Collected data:

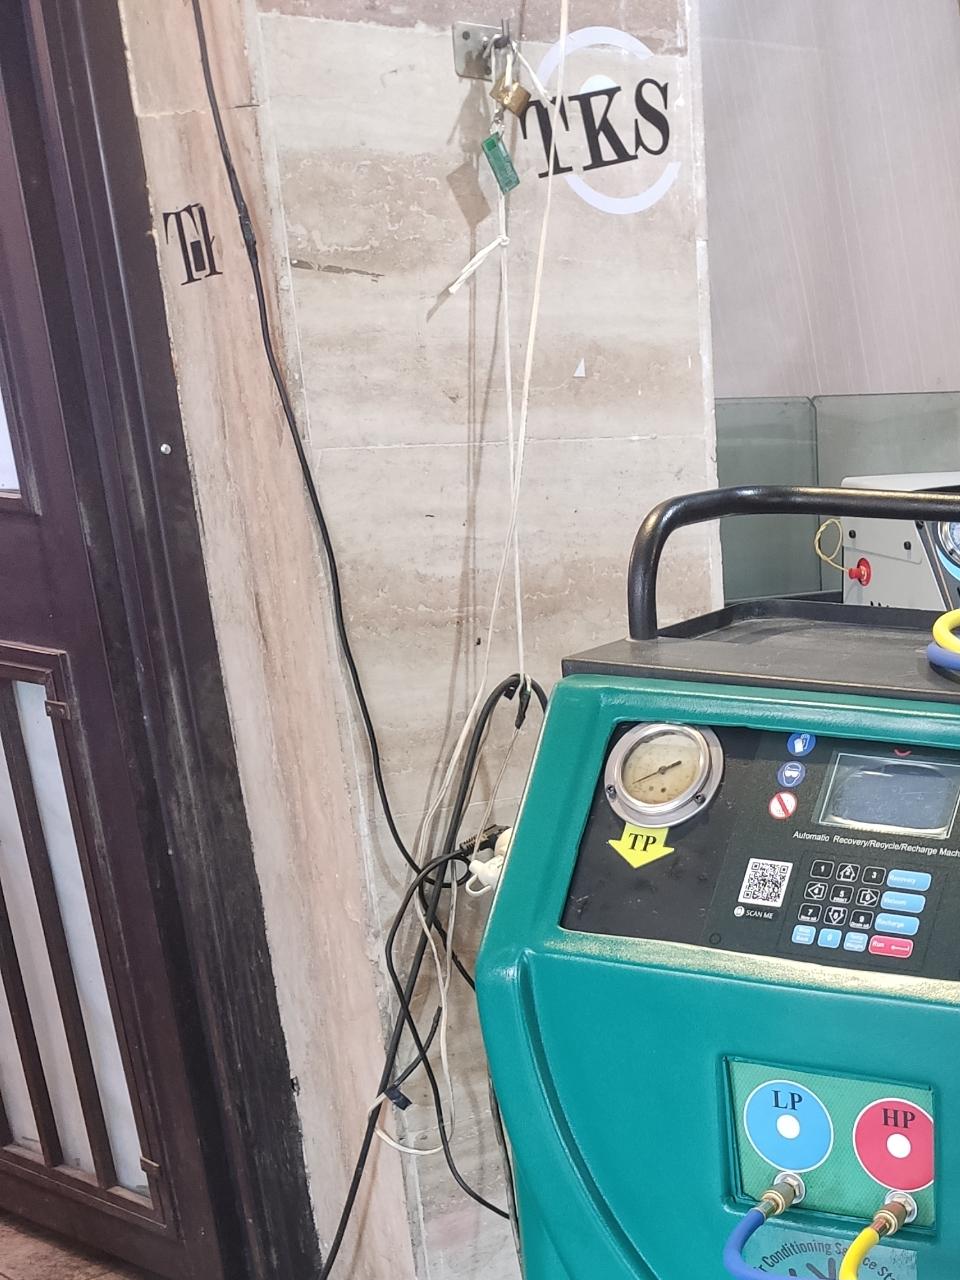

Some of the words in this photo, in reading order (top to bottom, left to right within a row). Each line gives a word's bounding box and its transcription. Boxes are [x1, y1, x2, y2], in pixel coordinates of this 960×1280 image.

[518, 78, 670, 179] TKS
[628, 832, 657, 852] TP
[745, 909, 763, 918] SCAN
[763, 912, 774, 920] ME
[771, 1089, 803, 1110] LP
[882, 1108, 916, 1129] HP
[762, 1240, 832, 1269] Conditioning

Task objective:
Give the records back exactly, with no pictures.

Answer to this task:
Some of the words in this photo, in reading order (top to bottom, left to right within a row). Each line gives a word's bounding box and its transcription. Boxes are [x1, y1, x2, y2], in pixel coordinates of this 960×1280 image.

[518, 78, 670, 179] TKS
[628, 832, 657, 852] TP
[745, 909, 763, 918] SCAN
[763, 912, 774, 920] ME
[771, 1089, 803, 1110] LP
[882, 1108, 916, 1129] HP
[762, 1240, 832, 1269] Conditioning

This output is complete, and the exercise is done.